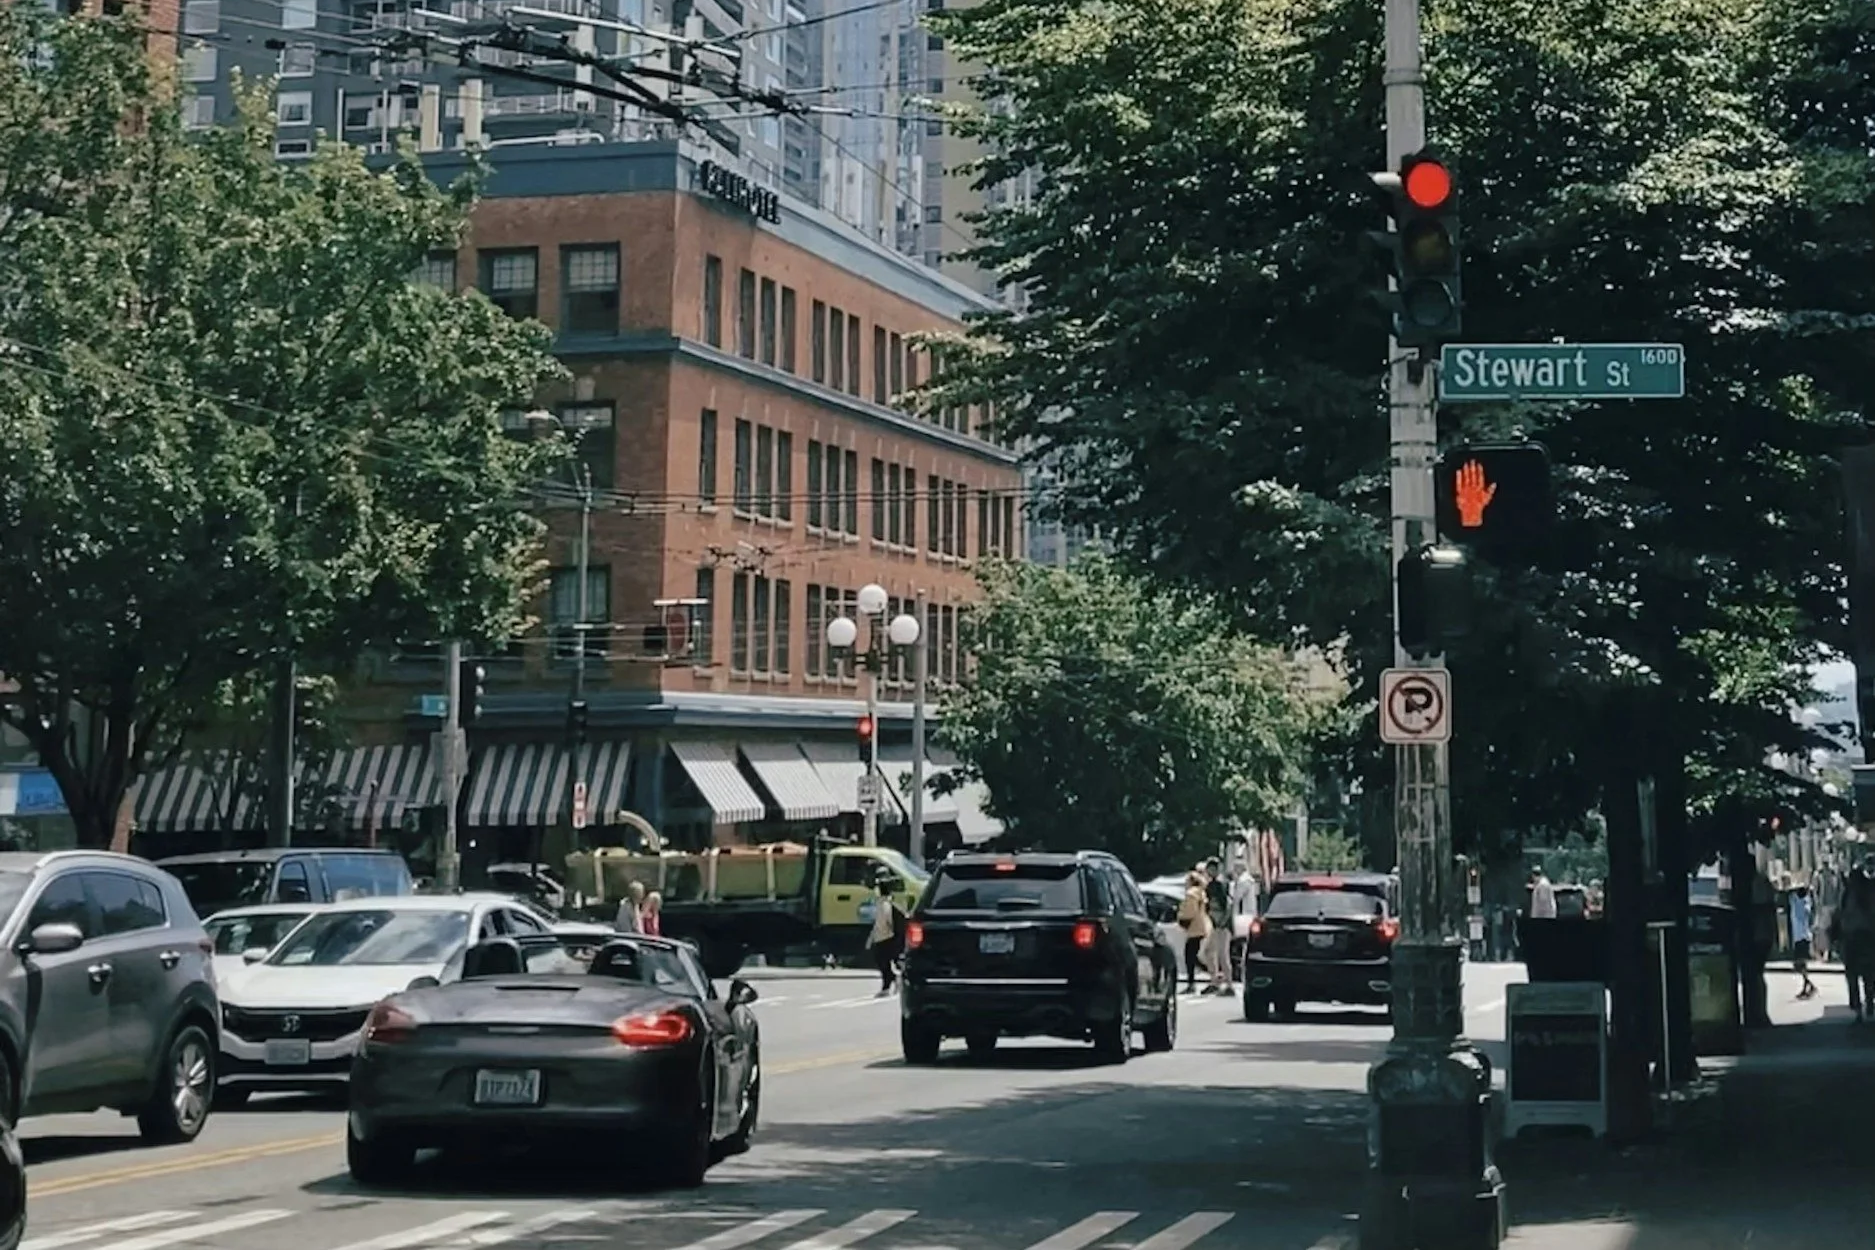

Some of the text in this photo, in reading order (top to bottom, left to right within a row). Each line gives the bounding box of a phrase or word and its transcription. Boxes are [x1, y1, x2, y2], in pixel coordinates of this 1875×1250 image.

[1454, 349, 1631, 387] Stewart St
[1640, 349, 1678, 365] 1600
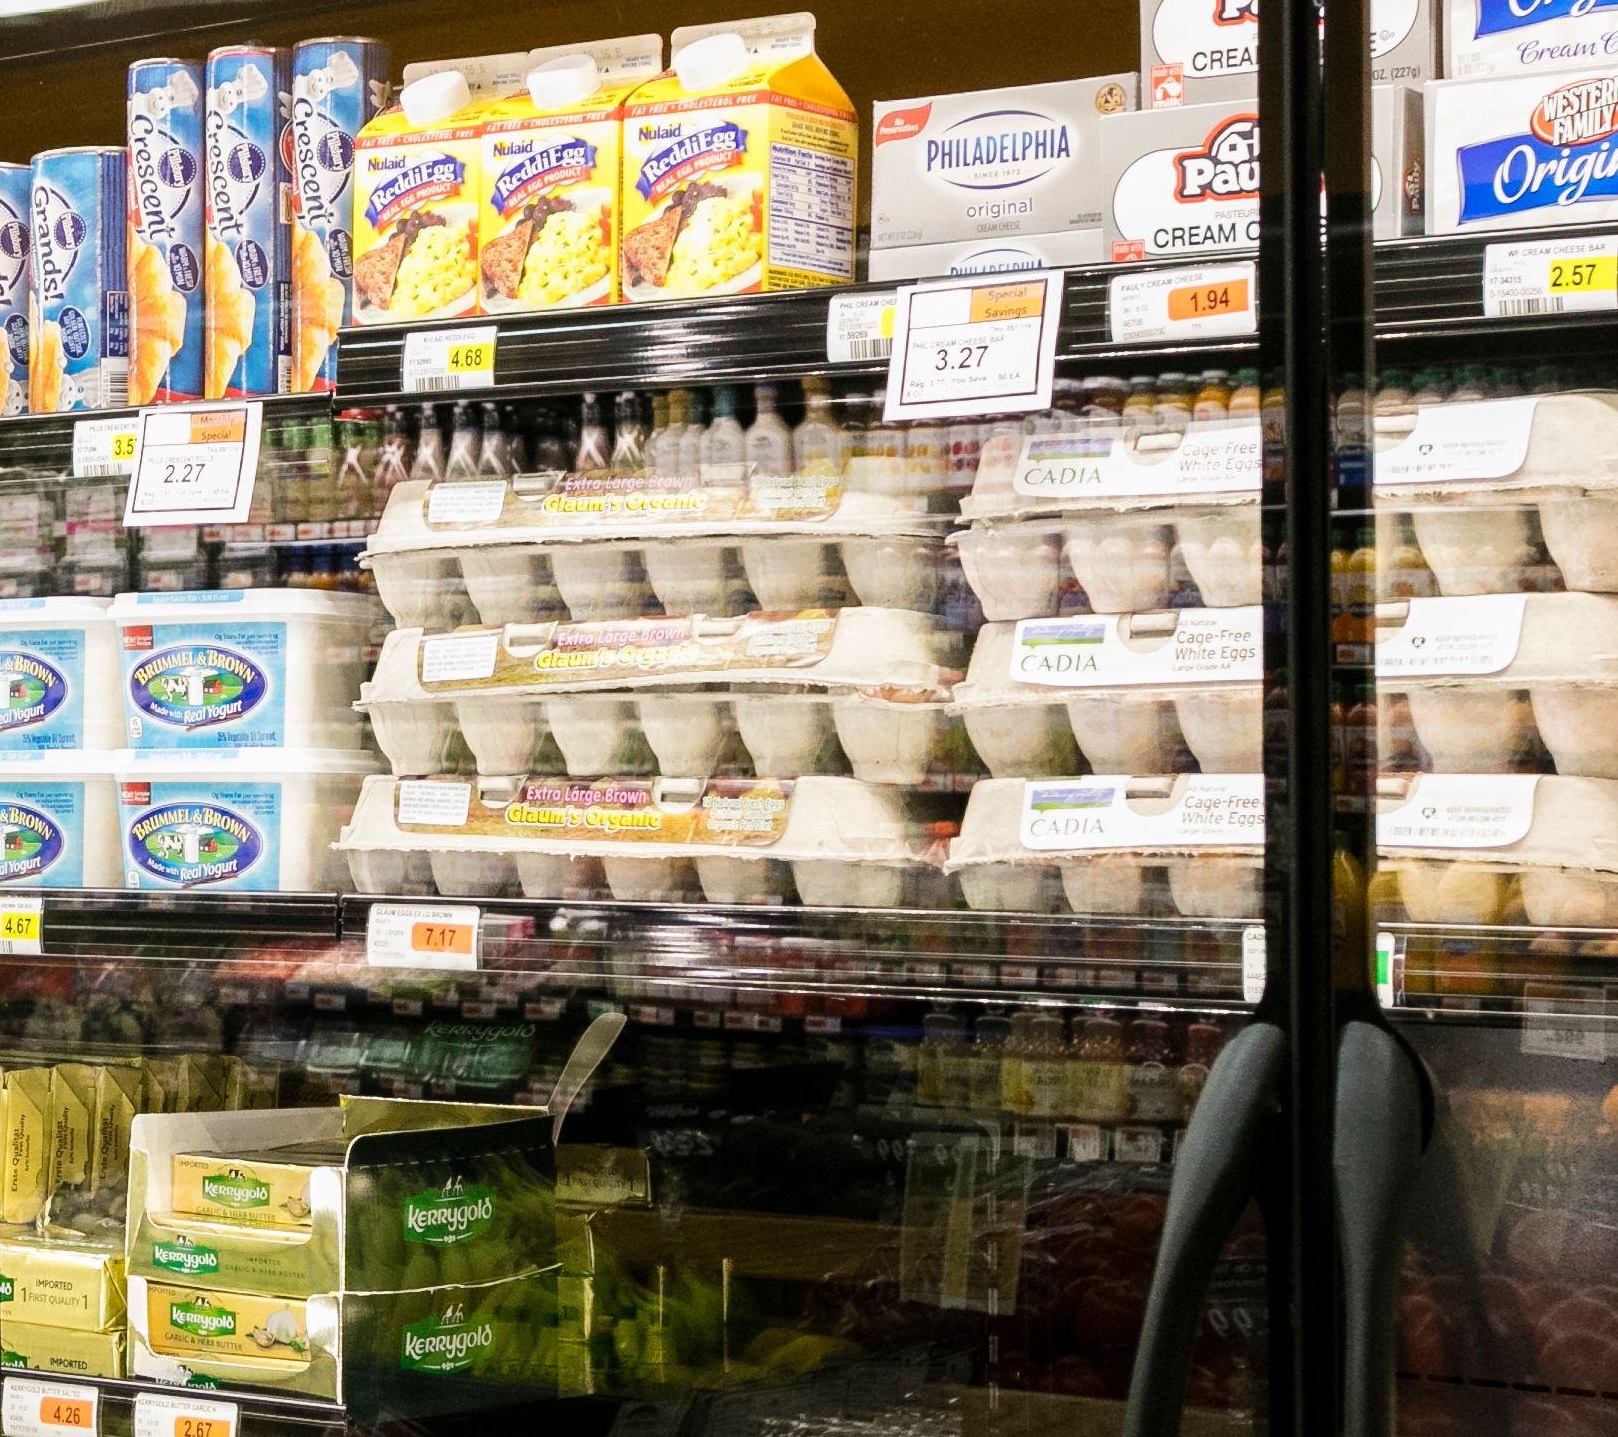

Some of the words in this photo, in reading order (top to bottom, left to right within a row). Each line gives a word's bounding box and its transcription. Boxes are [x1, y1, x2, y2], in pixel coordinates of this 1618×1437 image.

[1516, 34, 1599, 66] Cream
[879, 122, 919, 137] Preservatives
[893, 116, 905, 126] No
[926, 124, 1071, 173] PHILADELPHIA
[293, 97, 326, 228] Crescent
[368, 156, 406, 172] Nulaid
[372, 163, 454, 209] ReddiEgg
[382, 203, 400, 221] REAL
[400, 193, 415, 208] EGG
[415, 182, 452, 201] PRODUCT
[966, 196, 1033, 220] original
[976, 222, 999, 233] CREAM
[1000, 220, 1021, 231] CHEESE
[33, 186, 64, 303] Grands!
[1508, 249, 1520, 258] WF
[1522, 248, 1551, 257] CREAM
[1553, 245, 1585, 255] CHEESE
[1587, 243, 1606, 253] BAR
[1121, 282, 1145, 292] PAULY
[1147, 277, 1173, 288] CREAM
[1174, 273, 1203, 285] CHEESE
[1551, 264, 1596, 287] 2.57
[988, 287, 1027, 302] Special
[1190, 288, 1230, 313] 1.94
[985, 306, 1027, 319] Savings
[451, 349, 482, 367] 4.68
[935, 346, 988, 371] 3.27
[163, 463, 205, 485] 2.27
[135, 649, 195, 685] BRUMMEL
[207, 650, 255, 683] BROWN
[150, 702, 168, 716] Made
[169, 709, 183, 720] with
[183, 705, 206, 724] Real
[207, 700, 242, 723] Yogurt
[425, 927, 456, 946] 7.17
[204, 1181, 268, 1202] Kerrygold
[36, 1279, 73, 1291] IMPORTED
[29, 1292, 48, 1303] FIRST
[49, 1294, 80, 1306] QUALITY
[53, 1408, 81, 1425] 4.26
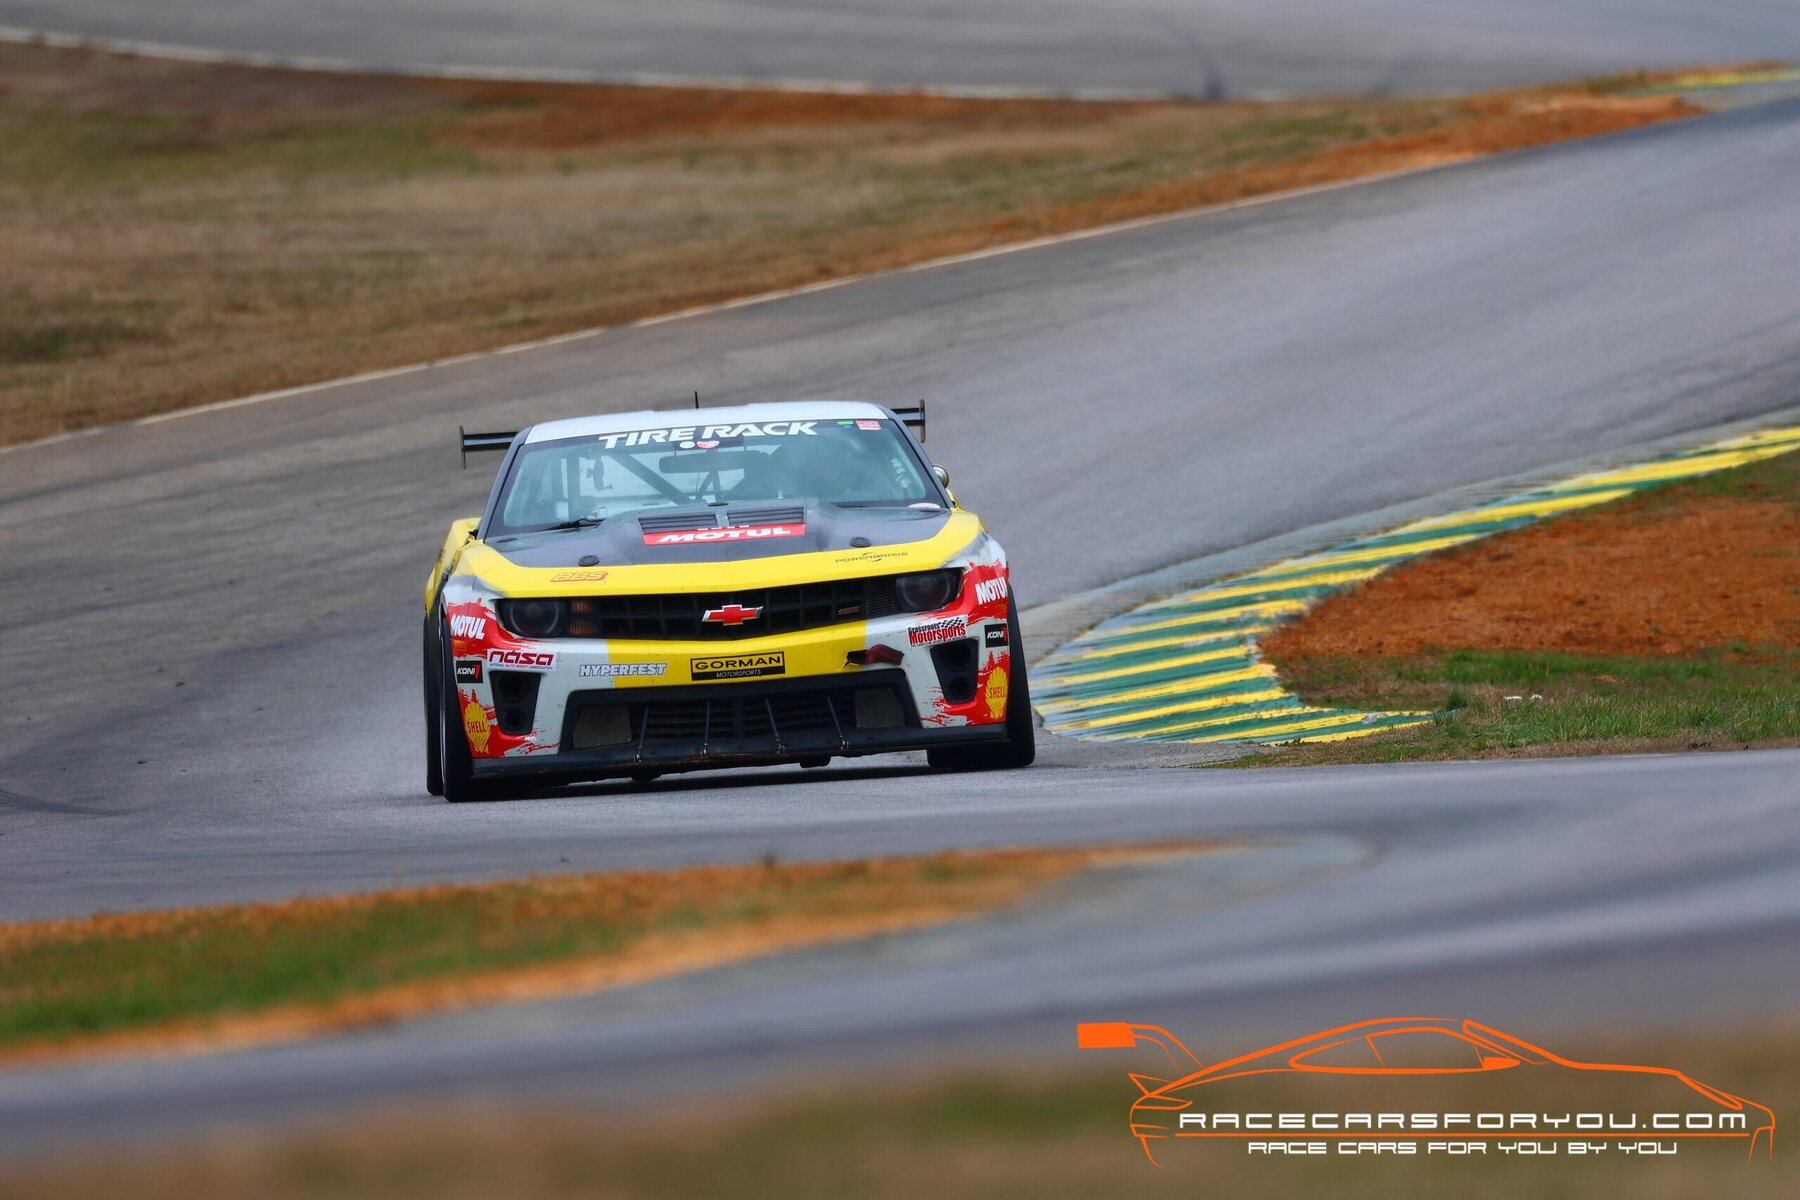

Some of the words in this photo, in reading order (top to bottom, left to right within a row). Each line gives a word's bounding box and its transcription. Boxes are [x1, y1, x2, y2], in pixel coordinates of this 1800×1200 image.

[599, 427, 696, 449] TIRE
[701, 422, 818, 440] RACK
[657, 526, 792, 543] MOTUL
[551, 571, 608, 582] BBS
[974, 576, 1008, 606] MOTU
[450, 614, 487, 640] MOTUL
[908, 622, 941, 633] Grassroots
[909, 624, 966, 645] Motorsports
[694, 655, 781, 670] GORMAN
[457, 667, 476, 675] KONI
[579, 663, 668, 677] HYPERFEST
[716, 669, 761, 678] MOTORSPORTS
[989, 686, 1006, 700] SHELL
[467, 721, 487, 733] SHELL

--*--

ASSIGNMENT: Repeat every entry exactly, but leave out the pictures.

RESULT OF THIS EXERCISE:
Some of the text in this photo, in reading order (top to bottom, left to right within a row). Each line gives the bounding box of a phrase or word and its transcription. Boxes are [x1, y1, x2, y2], in pixel coordinates of this 1875×1250 image.

[1454, 349, 1631, 387] Stewart St
[1640, 349, 1678, 365] 1600

Some of the words in this photo, in reading order (top to bottom, left to right within a row). Each line gives a word's bounding box and its transcription. Boxes are [x1, y1, x2, y2], in pixel coordinates of this 1618×1437 image.

[1516, 34, 1599, 66] Cream
[879, 122, 919, 137] Preservatives
[893, 116, 905, 126] No
[926, 124, 1071, 173] PHILADELPHIA
[293, 97, 326, 228] Crescent
[368, 156, 406, 172] Nulaid
[372, 163, 454, 209] ReddiEgg
[382, 203, 400, 221] REAL
[400, 193, 415, 208] EGG
[415, 182, 452, 201] PRODUCT
[966, 196, 1033, 220] original
[976, 222, 999, 233] CREAM
[1000, 220, 1021, 231] CHEESE
[33, 186, 64, 303] Grands!
[1508, 249, 1520, 258] WF
[1522, 248, 1551, 257] CREAM
[1553, 245, 1585, 255] CHEESE
[1587, 243, 1606, 253] BAR
[1121, 282, 1145, 292] PAULY
[1147, 277, 1173, 288] CREAM
[1174, 273, 1203, 285] CHEESE
[1551, 264, 1596, 287] 2.57
[988, 287, 1027, 302] Special
[1190, 288, 1230, 313] 1.94
[985, 306, 1027, 319] Savings
[451, 349, 482, 367] 4.68
[935, 346, 988, 371] 3.27
[163, 463, 205, 485] 2.27
[135, 649, 195, 685] BRUMMEL
[207, 650, 255, 683] BROWN
[150, 702, 168, 716] Made
[169, 709, 183, 720] with
[183, 705, 206, 724] Real
[207, 700, 242, 723] Yogurt
[425, 927, 456, 946] 7.17
[204, 1181, 268, 1202] Kerrygold
[36, 1279, 73, 1291] IMPORTED
[29, 1292, 48, 1303] FIRST
[49, 1294, 80, 1306] QUALITY
[53, 1408, 81, 1425] 4.26

Some of the words in this photo, in reading order (top to bottom, left to right within a row). Each line gives a word's bounding box and its transcription. Boxes are [x1, y1, x2, y2], in pixel coordinates of this 1800×1200 image.

[599, 427, 696, 449] TIRE
[701, 422, 818, 440] RACK
[657, 526, 792, 543] MOTUL
[551, 571, 608, 582] BBS
[974, 576, 1008, 606] MOTU
[450, 614, 487, 640] MOTUL
[908, 622, 941, 633] Grassroots
[909, 624, 966, 645] Motorsports
[694, 655, 781, 670] GORMAN
[457, 667, 476, 675] KONI
[579, 663, 668, 677] HYPERFEST
[716, 669, 761, 678] MOTORSPORTS
[989, 686, 1006, 700] SHELL
[467, 721, 487, 733] SHELL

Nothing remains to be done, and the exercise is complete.